La hausse des prix repart, l’alimentation en première ligne
Les derniers chiffres publiés par l’Institut national de la statistique (INS) montrent que l’inflation en Tunisie est remontée à 5,4% sur un an en août, contre 5,1% en juillet. Cette accélération tient largement à une nouvelle poussée des prix alimentaires, qui affichent une progression annuelle de 7,8%.
Cette dynamique reflète des hausses marquées sur plusieurs produits de première nécessité. Sur un an, la volaille enregistre une augmentation de +16,5%, la viande ovine de +14,7% et les fruits de +14,4%. L’évolution mensuelle est encore plus spectaculaire pour certains postes : entre juillet et août, le prix des œufs a bondi de 12,9% et celui de la volaille de 11,4%.
Que disent ces chiffres pour le pouvoir d’achat ?

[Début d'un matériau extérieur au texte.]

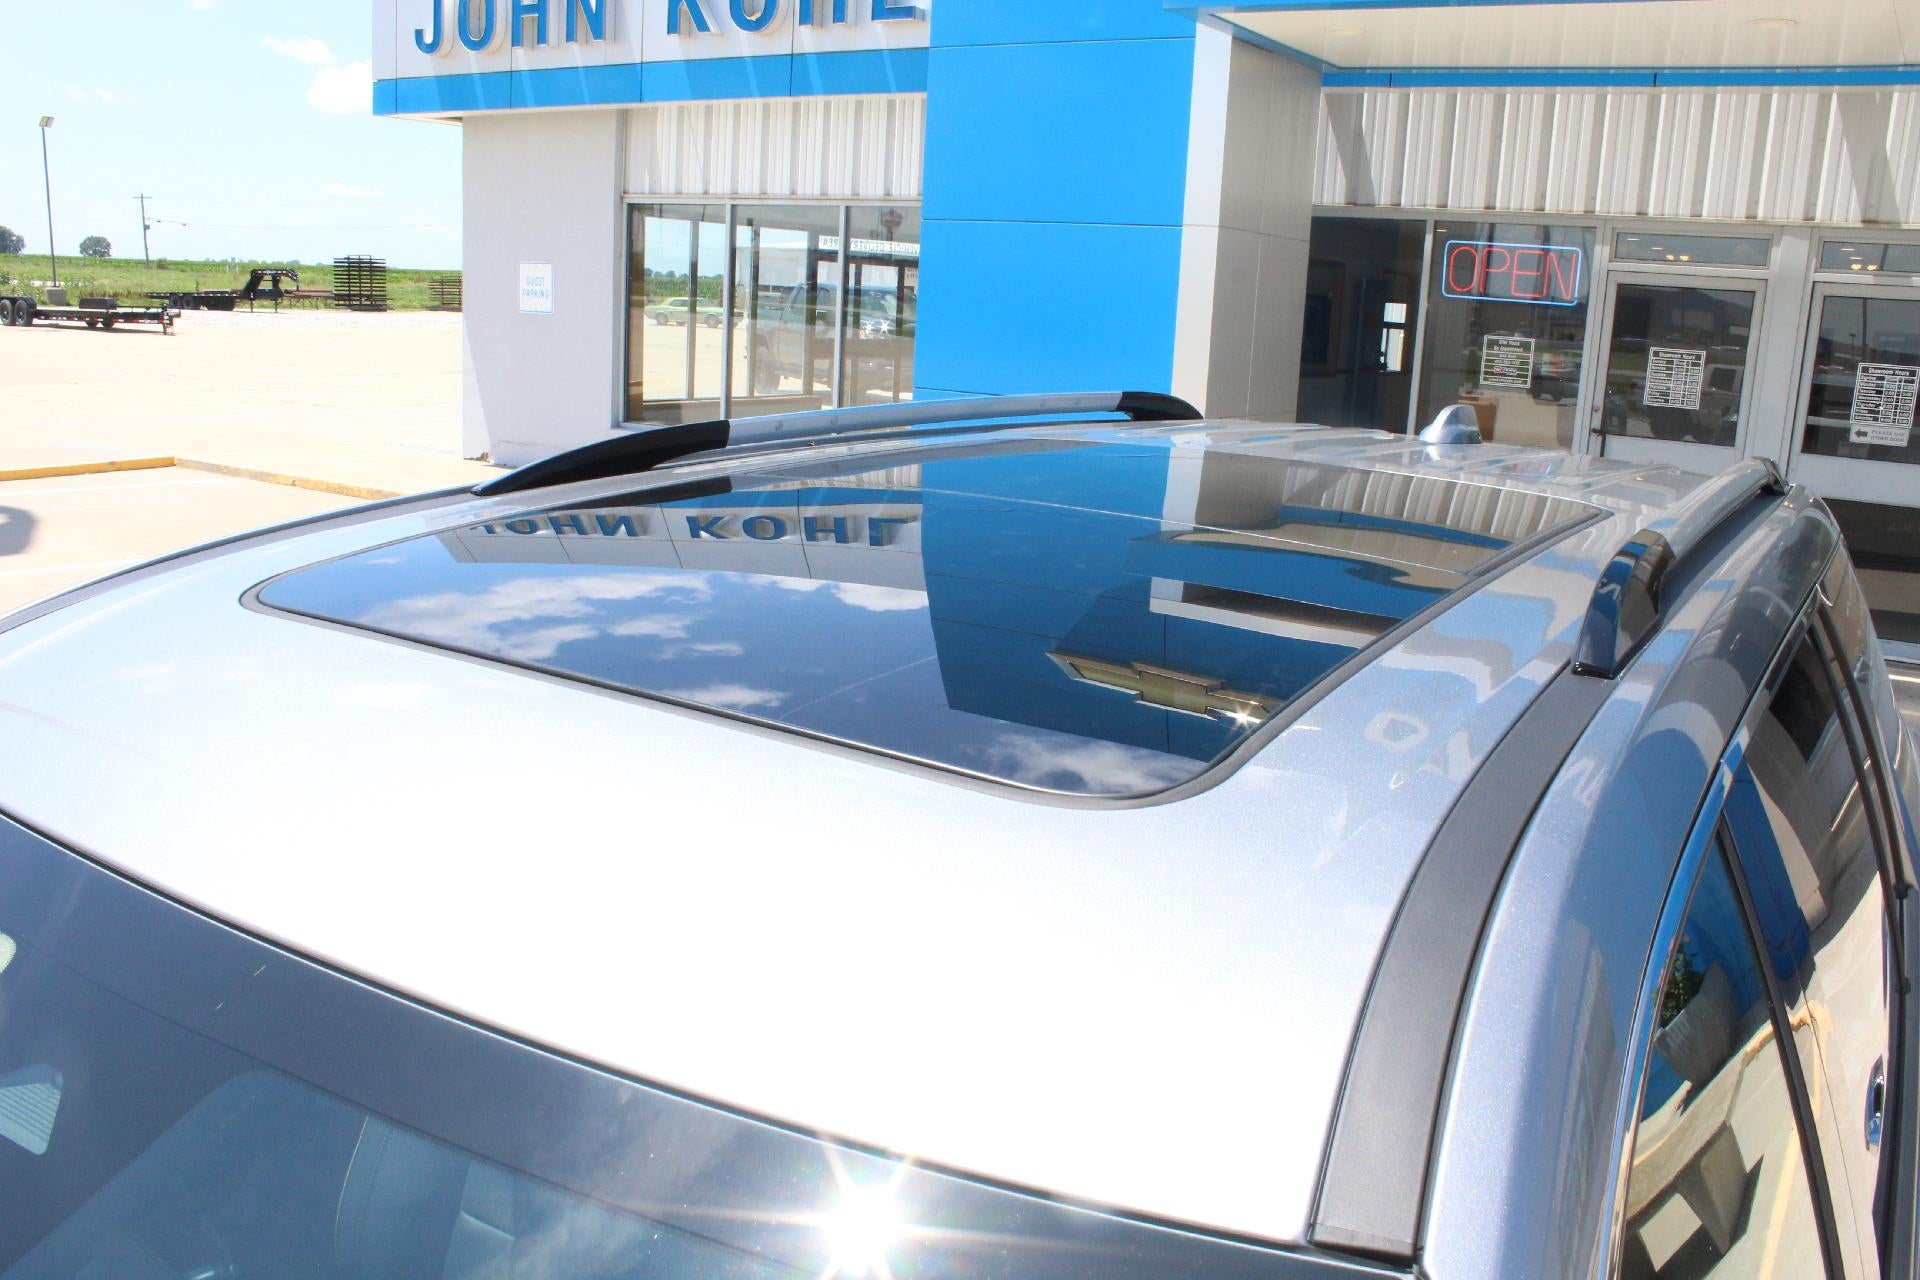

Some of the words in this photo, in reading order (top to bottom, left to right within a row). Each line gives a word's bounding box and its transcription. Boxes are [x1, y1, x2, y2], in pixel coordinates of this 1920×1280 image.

Une inflation qui remonte après plusieurs mois de modération n’est pas neutre pour les ménages. Là où les familles consacrent une part élevée de leur budget à l’alimentation, des hausses de l’ordre de 10 à 16% sur des produits de base se traduisent immédiatement par une perte de pouvoir d’achat. La composition de cette inflation — concentrée sur l’alimentaire — signifie également que l’impact social est inégal, affectant davantage les foyers à faibles revenus.
Indicateurs à suivre
- L’évolution mensuelle des prix alimentaires, qui peut révéler des tensions d’offre ou des chocs saisonniers.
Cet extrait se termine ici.